Behavioral New World
January 1, 2022
Behavioral economics and inflation
The economy is about to offer us a somewhat nasty start to the new year: inflation like we haven’t seen in a decade, or maybe even 30 years. I thought it might be helpful to offer a quick overview of the topic, including a few thoughts on its psychological aspects.
What is inflation? The standard answer is, “A general increase in prices,” and that will do for our purposes here.[1]
What causes inflation? There are many answers to that question which are not mutually exclusive. Your economics textbook likely distinguished between “cost-push” and “demand-pull” inflation. An example of cost-push inflation: Lumber is an input for house building. As lumber’s cost rises, perhaps because of weather, the price of building a new house rises.
An example of demand-pull inflation: People spent less during the first year and half of the pandemic; as lockdowns were eased, there was burst of spending that drove up prices.

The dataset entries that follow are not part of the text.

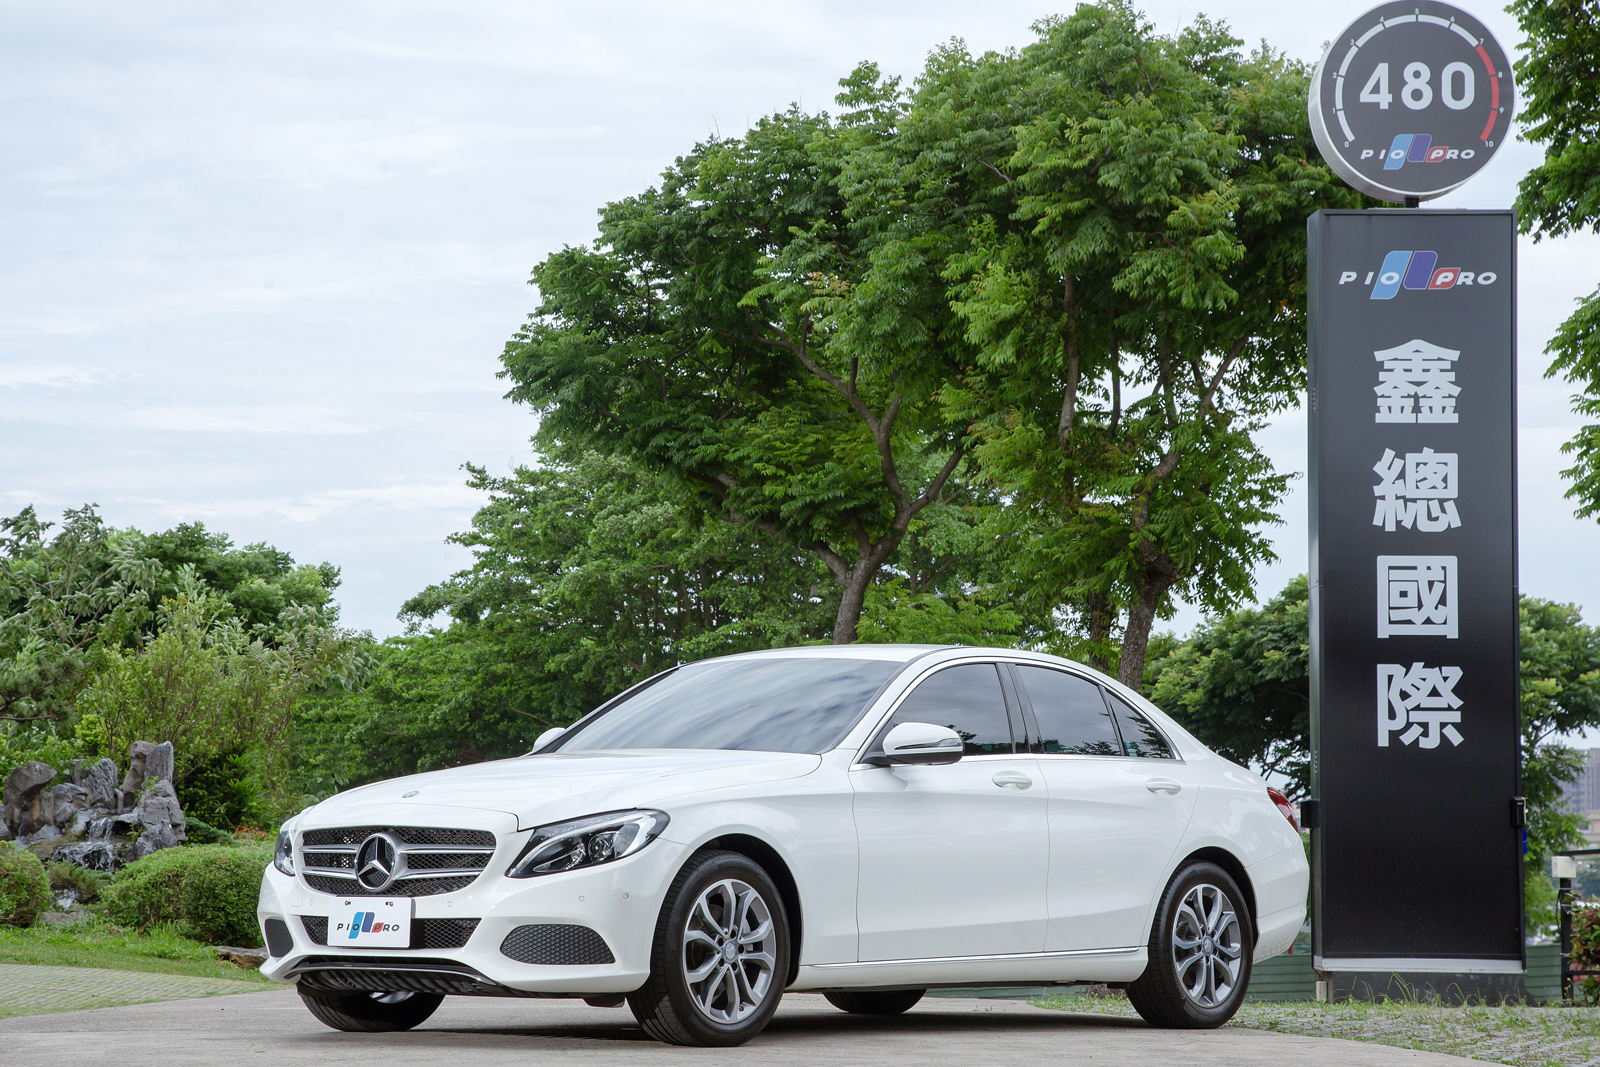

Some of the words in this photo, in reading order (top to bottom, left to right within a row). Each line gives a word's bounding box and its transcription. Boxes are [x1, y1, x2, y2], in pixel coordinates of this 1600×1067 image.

[1414, 7, 1420, 15] 5
[1379, 15, 1385, 23] 4
[1450, 15, 1455, 23] 6
[1350, 38, 1355, 46] 3
[1479, 38, 1484, 46] 7
[1332, 71, 1338, 79] 2
[1498, 71, 1503, 79] 8
[1359, 61, 1476, 111] 480
[1332, 107, 1336, 115] 1
[1499, 106, 1504, 114] 9
[1344, 140, 1350, 148] 0
[1485, 140, 1494, 148] 10
[1361, 149, 1405, 160] PIO
[1430, 148, 1475, 160] PRO
[1338, 271, 1400, 285] PIO
[1435, 271, 1497, 285] PRO
[1373, 339, 1464, 749] 鑫總國際
[337, 923, 360, 931] PIO
[374, 924, 400, 932] PRO
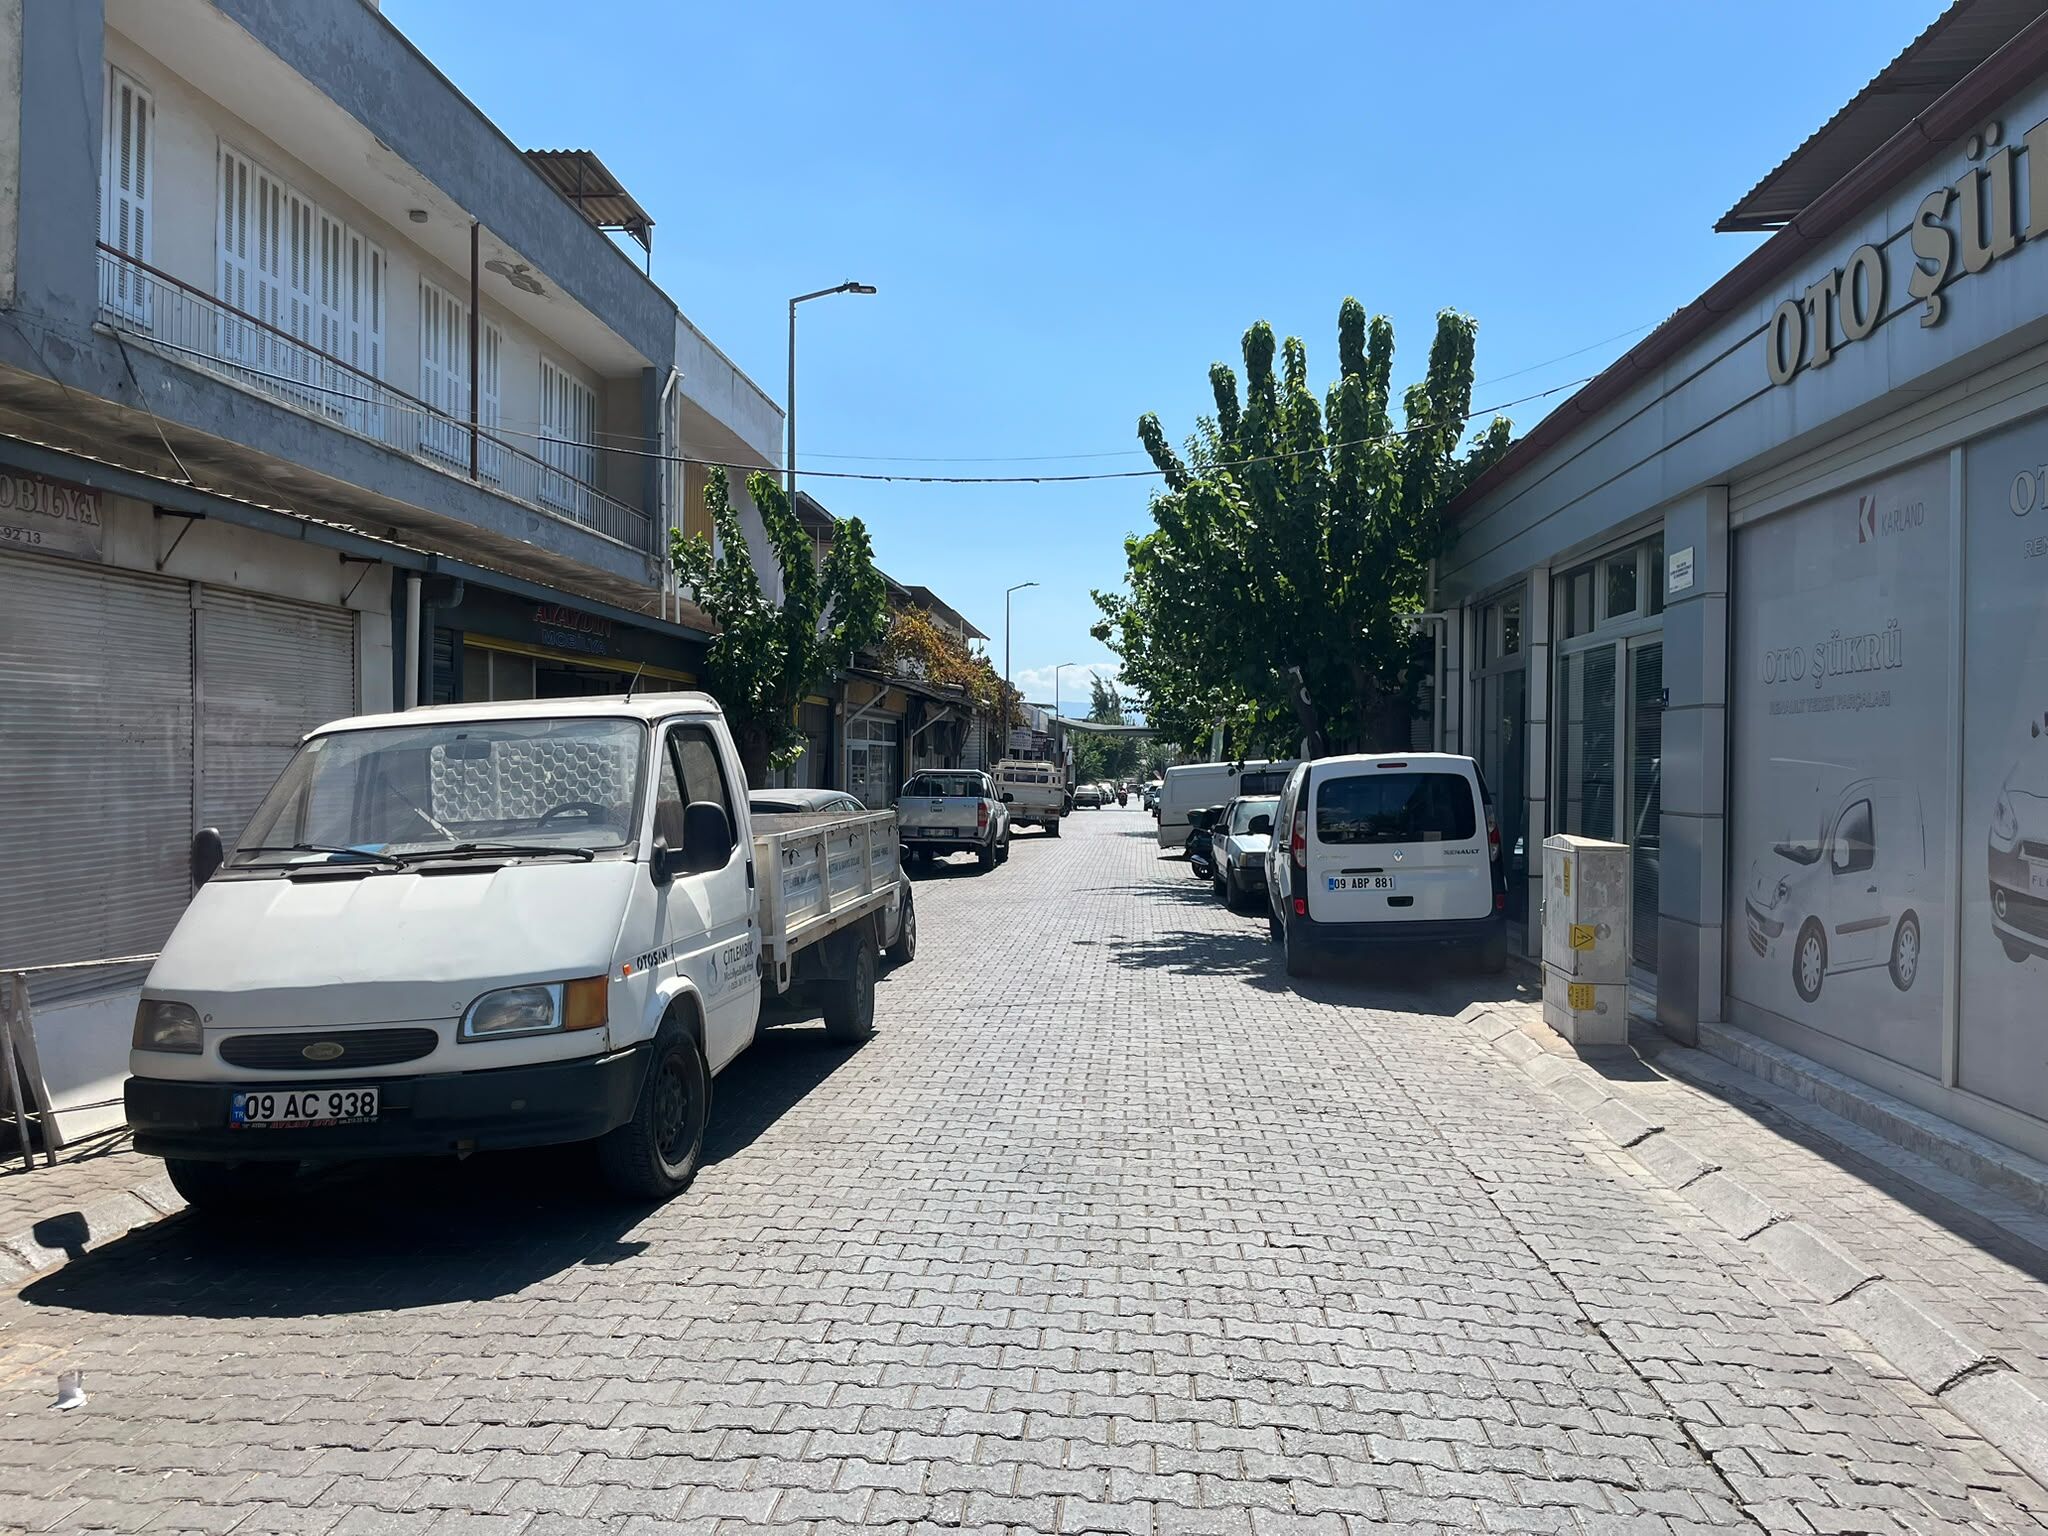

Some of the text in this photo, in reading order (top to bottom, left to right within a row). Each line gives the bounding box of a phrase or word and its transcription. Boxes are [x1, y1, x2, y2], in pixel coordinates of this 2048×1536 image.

So who’s to blame for inflation? Economist Milton Friedman famously said, “Inflation is always and everywhere a monetary phenomenon…”, meaning that low interest rates and activities by the Federal Reserve (the central bank of the United States) influence inflation. Essentially he was saying that the Fed’s actions determine whether there is inflation or not. This explanation is not inconsistent with the dichotomy of cost-push and demand-pull inflation, which is affected by consumer behavior and hence has much more nuance. Bottom line: our own economic behavior has a lot to do with inflation.
Why is inflation important? The rule of 72, discussed in my April 2021 newsletter applies to inflation. The recent inflation rate of 6% means that it is only 12 years before your purchasing power is cut in half (assuming that inflation is persistent). Thus, an important issue is whether inflation is transitory or whether it will persist for an indefinite period.
Up until 2021, inflation had been relatively low in the United States for at least a decade. According to economist and professor Richard Kilbride, globalization, technology, and demographics have, until recently, kept inflation in check. In assessing the potential persistence of inflation, one can consider how these influences are changing.
What does this have to do with behavioral economics? Glad I asked. Answer: people’s expectations about the future path of inflation can also affect current inflation. For example, if consumers believe that the price of toilet paper is going to increase significantly in the future, they will buy more today, thus driving its price up today.
Thus, the way in which people form their expectations is another important determinant of inflation. There is a human tendency to have so-called “extrapolative expectations.” Simply put, people believe that recent trends will continue. Extrapolative expectations are important because inflation can become a self-fulfilling prophecy. A recent Wall Street Journal article was entitled, “How Do You Feel About Inflation? The Answer Will Help Determine Its Longevity” (December 13, 2021).[2]
However, self-fulfilling prophesies cannot be sustained indefinitely. At some point, it will be clear that the trend in inflation has changed. But figuring out when that will happen is terribly tricky. As the Wall Street Journal article says, “Psychology around inflation is hard to gauge.” And as Yogi Berra (or Mark Twain or Niels Bohr or …) said, “Prediction is difficult, especially about the future.”
Rather than rely too heavily on prediction, perhaps the best we can do is to assess how current inflation is affecting us – at a very personal level. As I note in my book The Foolish Corner, every individual or household has a “personal inflation rate,” which can deviate significantly from the Consumer Price Index (CPI), the most commonly cited measure of inflation. We’ll make better decisions with a more accurate assessment of our personal inflation reality.
Here are two tools for helping you calculate your personal inflation rate:
http://www.candaceshira.com/learning_center/calculators/personal_inflation_rate
All of us here in the U.S. have benefited mightily over the decades from a relatively low and contained rate of inflation. We are now about to see what the opposite of that might look like. Buckle up.
[1] [1] Some vocabulary: “deflation” is a decline in prices. “Disinflation” is a reduction in the inflation rate.
[2] An extended, technical investigation of extrapolative expectations can be found in The Behavioral Economics of Inflation Expectations: Macroeconomics Meets Psychology by Tobias R. Rotheli, Cambridge University Press, 2020.
I suspect inflation is here to stay for awhile...Seems everywhere you look SUPPLIES are constricted and DEMAND in terms of the number of dollars chasing those supplies is increasing. That is a textbook recipe for higher prices.